MusicGen Stereo Small
Property | Value |
---|---|
Parameters | 300M |
Developer | Meta AI (FAIR team) |
Release Date | 2023 |
License | Code: MIT, Weights: CC-BY-NC 4.0 |
Paper | Simple and Controllable Music Generation |
What is musicgen-stereo-small?
MusicGen Stereo Small is a specialized text-to-music generation model that produces stereophonic audio output. It's a fine-tuned version of the original MusicGen small model, specifically adapted to create stereo music with enhanced spatial depth and directionality. The model operates at 32kHz with 4 codebooks and uses an innovative approach to generate stereo audio streams.
Implementation Details
The model is built on a single-stage auto-regressive Transformer architecture that works in conjunction with an EnCodec tokenizer. It processes two separate audio streams for stereo output, interleaving them using a delay pattern. The model generates all 4 codebooks in one pass, requiring only 50 auto-regressive steps per second of audio.
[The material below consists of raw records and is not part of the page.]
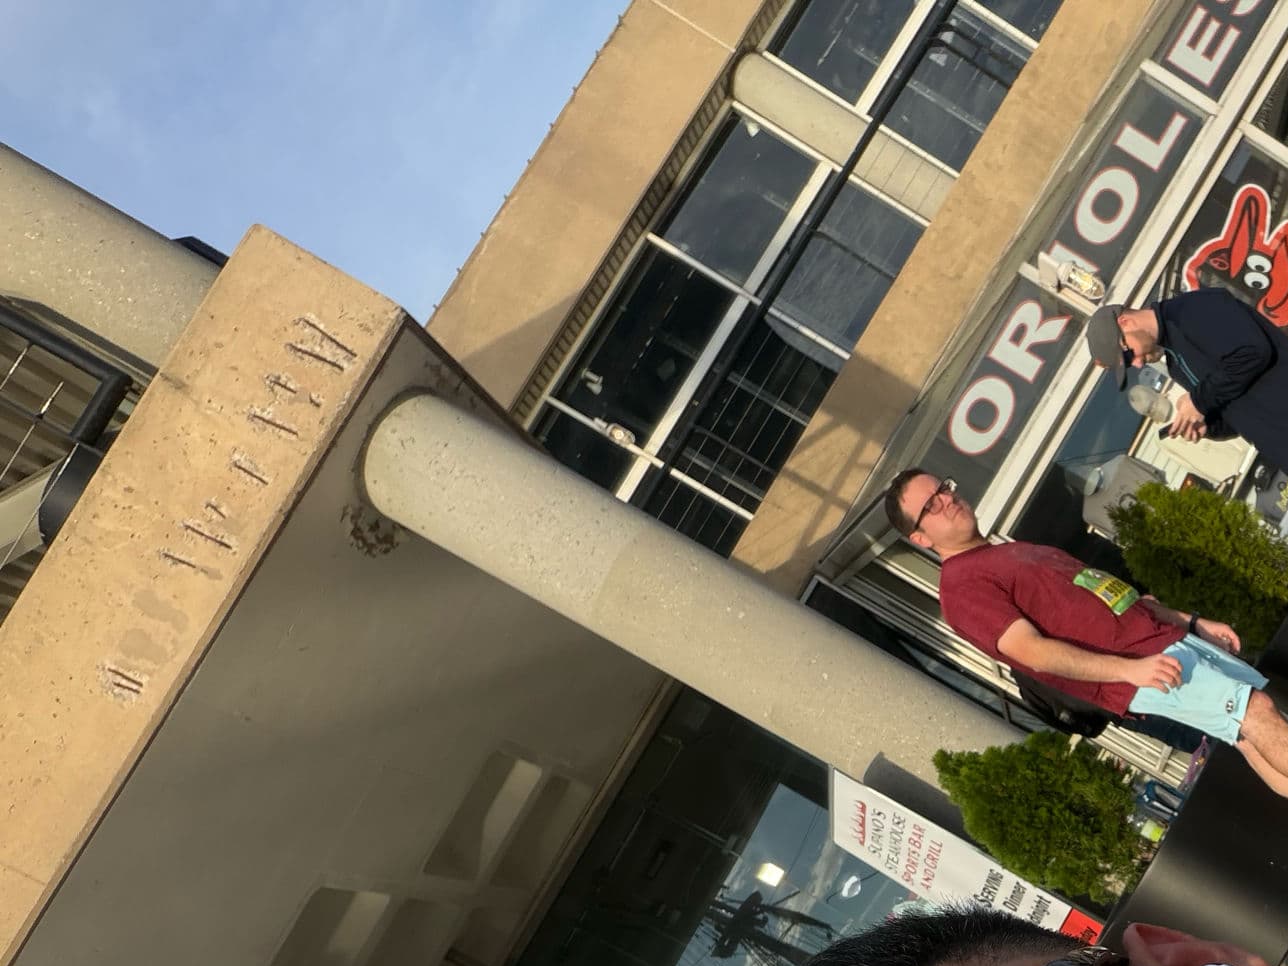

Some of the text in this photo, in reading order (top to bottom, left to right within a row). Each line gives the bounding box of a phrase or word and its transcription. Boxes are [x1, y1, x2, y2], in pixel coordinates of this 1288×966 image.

[948, 0, 1262, 456] OROLE
[902, 823, 926, 886] SPORTS BAR
[921, 839, 943, 891] AND GRILL
[973, 868, 1004, 908] SERVING
[1003, 881, 1027, 912] Dinner
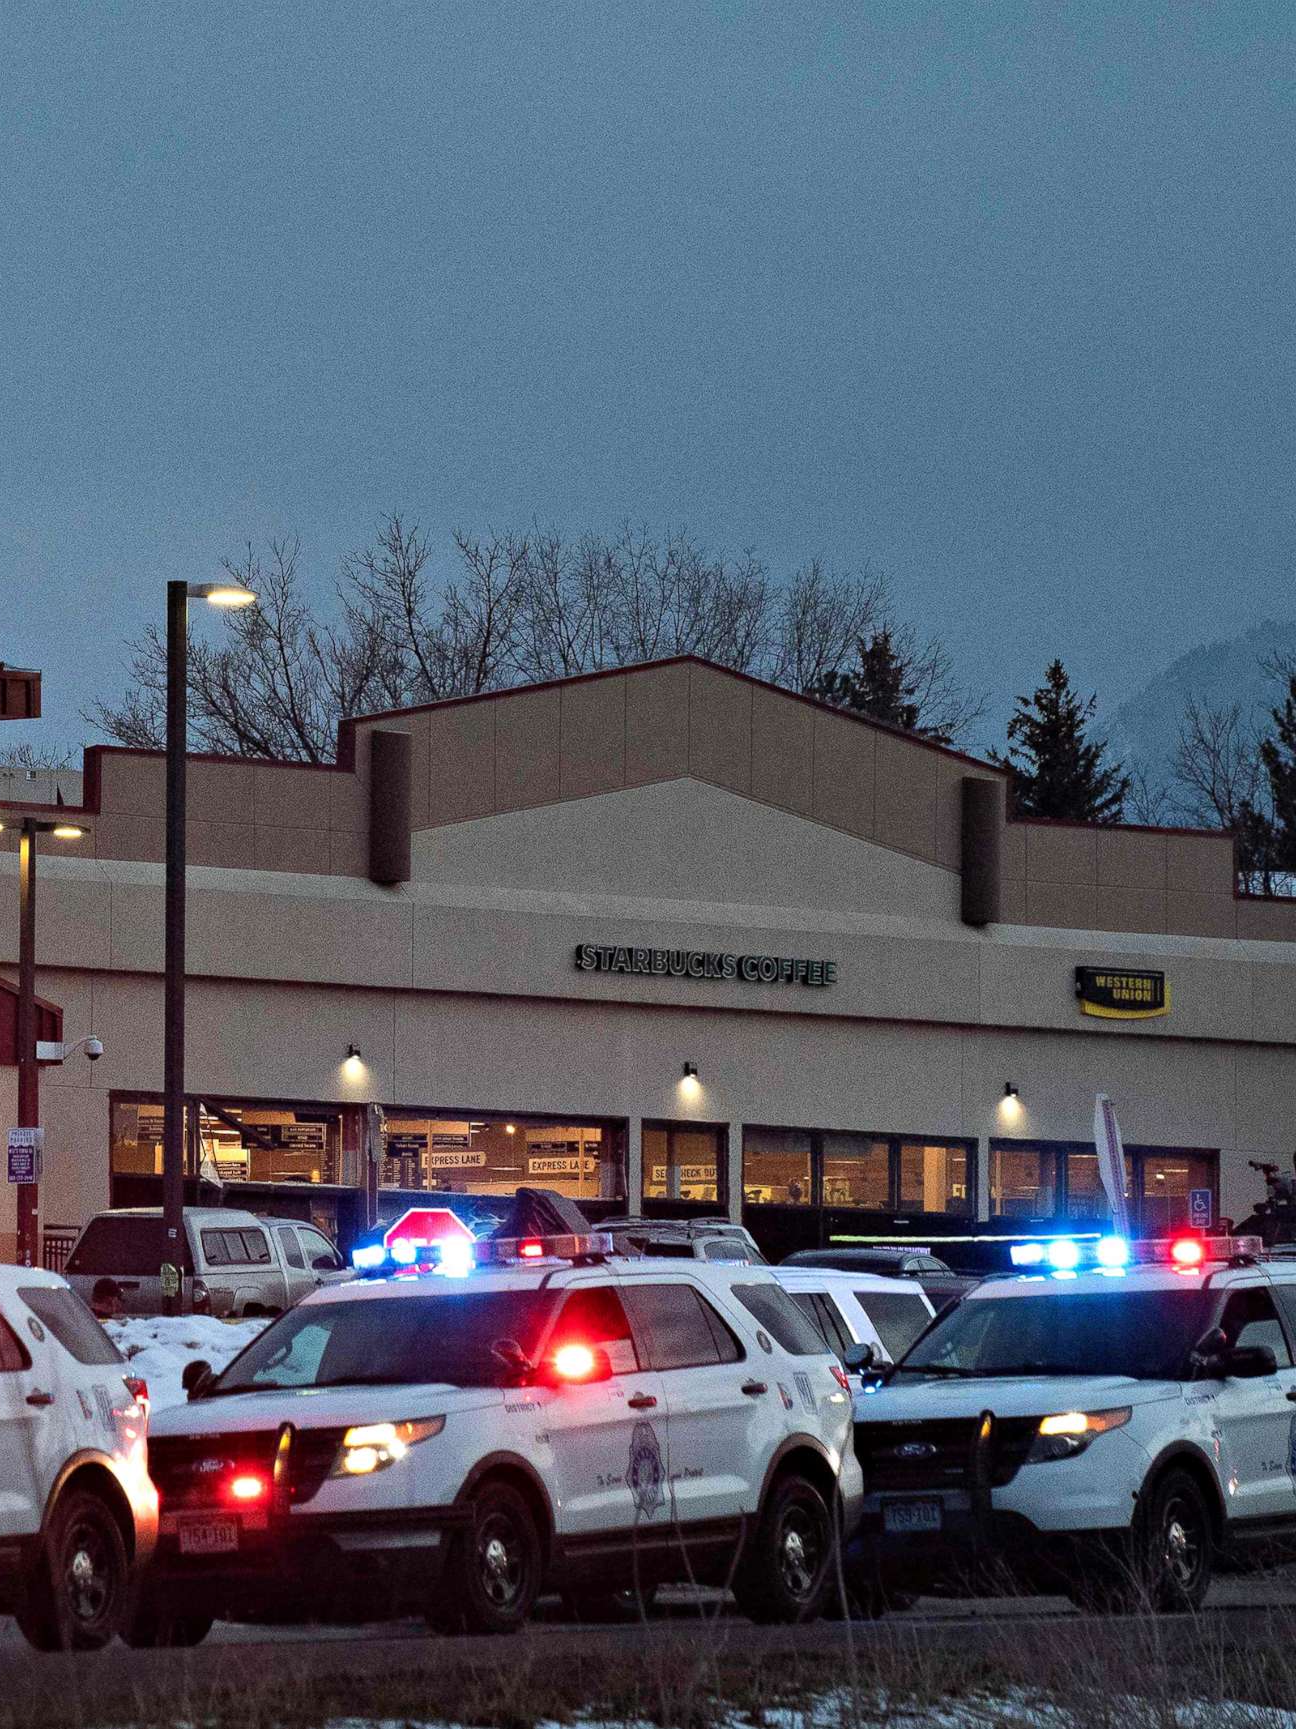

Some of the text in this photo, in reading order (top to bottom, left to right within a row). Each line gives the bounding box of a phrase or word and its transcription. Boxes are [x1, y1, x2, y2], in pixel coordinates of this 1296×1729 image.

- 32kHz sampling rate with EnCodec tokenization
- 4 codebooks sampled at 50 Hz
- Parallel prediction capability through small delays between codebooks
- Trained on licensed music data from Meta Music Initiative, Shutterstock, and Pond5
Core Capabilities
- High-quality stereo music generation from text descriptions
- Support for various music styles and genres
- 50Hz token generation rate
- Integration with popular ML frameworks like 🤗 Transformers
- Efficient parallel processing design
Frequently Asked Questions
Q: What makes this model unique?
This model is unique in its ability to generate true stereophonic audio without requiring a self-supervised semantic representation, unlike competitors such as MusicLM. It's also one of the few models specifically designed for stereo music generation.
Q: What are the recommended use cases?
The model is primarily intended for research purposes in AI-based music generation, including understanding generative model limitations and exploring text-guided music creation. It's not recommended for commercial applications without proper risk evaluation and mitigation.